Following the signing of the term sheet or letter of intent, the buyer’s counsel will prepare a draft of the main acquisition document, that is the Stock Purchase Agreement, Asset Purchase Agreement, or Merger Agreement. In this article, we will focus on the key components of SPAs and APAs in M&A transactions.
While there are some legalistic points that will be left primarily to negotiation among the seller’s counsel and buyer’s counsel, it is important for the parties to review and understand the main components of the SPA and APA to ensure a smooth M&A process and mitigate post-closing disputes.
The first section of the SPA outlines the main commercial terms of the sale. This section requires careful review as it contains terms related to the purchase price. In most cases, the entire purchase price is not paid in cash at closing. Instead, part of it may be paid in the buyer’s stock, and various holdbacks and adjustments may apply. Sellers must understand these elements as they can significantly impact the final amount received.
Holdbacks address issues unresolved at closing, depending on the resolution of future events.

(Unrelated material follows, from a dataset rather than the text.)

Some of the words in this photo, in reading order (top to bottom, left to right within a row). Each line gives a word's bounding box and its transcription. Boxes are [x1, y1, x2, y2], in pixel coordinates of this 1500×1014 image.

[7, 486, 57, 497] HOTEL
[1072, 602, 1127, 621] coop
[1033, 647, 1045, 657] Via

For instance, there might be a holdback for environmental or tax liabilities. Funds are often held in escrow and released later, minus any payouts for liabilities. Another common holdback is for post-closing indemnity claims (see below). Sellers should carefully examine escrow terms and fund release dates.
Price adjustments usually occur within 90 to 120 days after closing. The most common is the working capital adjustment. Since final financial statements are unavailable at closing, an estimated working capital is used. The parties agree on a target working capital amount to be left in the business at closing. Afterward, a reconciliation adjusts for differences between the target and actual amounts. Sellers should involve accountants and advisors to negotiate target amounts and reconciliations effectively.

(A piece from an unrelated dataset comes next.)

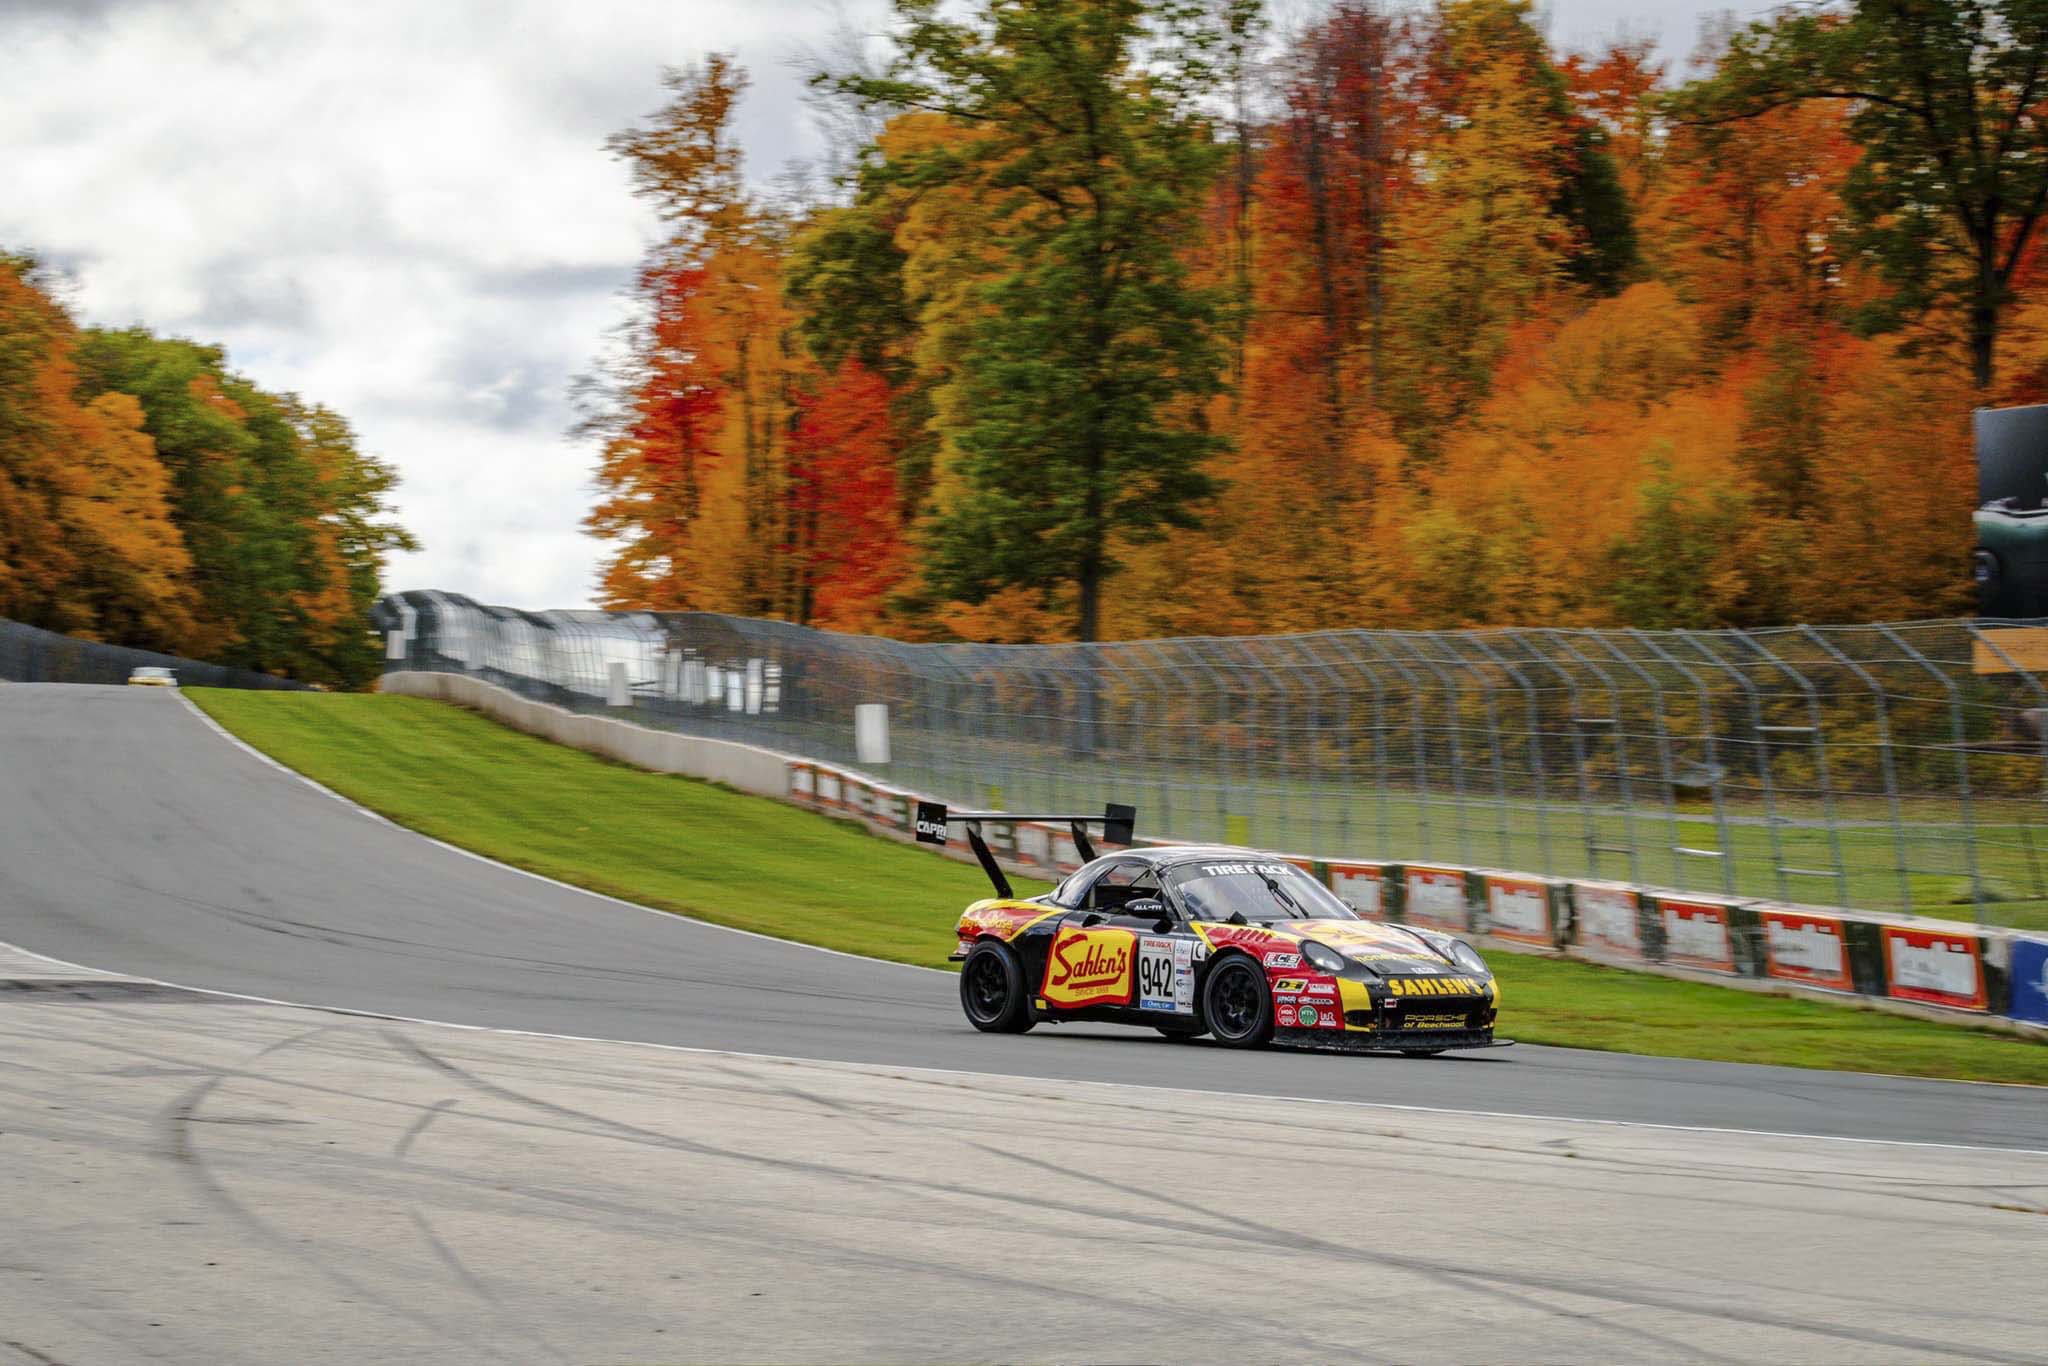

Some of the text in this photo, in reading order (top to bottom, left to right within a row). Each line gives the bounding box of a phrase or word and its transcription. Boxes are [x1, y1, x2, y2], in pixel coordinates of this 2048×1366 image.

[1051, 933, 1127, 986] Sahlen's
[1141, 956, 1173, 997] 942
[1388, 978, 1485, 996] SAHLEN'S

The APA also details the principal commercial terms of the sale. Unlike the SPA, the buyer purchases the business’s assets rather than equity. The APA specifies included and excluded assets and liabilities. Sellers should thoroughly review these terms to avoid misunderstandings.
The seller and buyer both make representations and warranties in the SPA or APA. However, the seller’s warranties are more extensive because the buyer assumes business risks. In an SPA, owners (shareholders) make the representations. In an APA, the business as the asset seller provides them, though the buyer may require additional representations from owners.
Seller representations cover operational and legal matters, including the organization, financial statements, liabilities, material contracts, intellectual property, and compliance with laws. These representations serve two purposes:
Sellers typically agree to covenants governing business operations between signing and closing. For example, they may promise to operate the business as usual. Restrictive covenants, such as non-compete and non-solicitation agreements, prevent sellers from competing with or soliciting employees from the business post-closing.
Indemnification is one of the most negotiated sections. Sellers indemnify buyers for breaches of representations, warranties, and covenants. A portion of the purchase price is often held in escrow to cover claims.
The SPA or APA is a complex document requiring detailed attention. Close collaboration with counsel and advisors ensures a smooth process. By reviewing and negotiating terms thoroughly, parties can reduce risks and achieve favorable outcomes.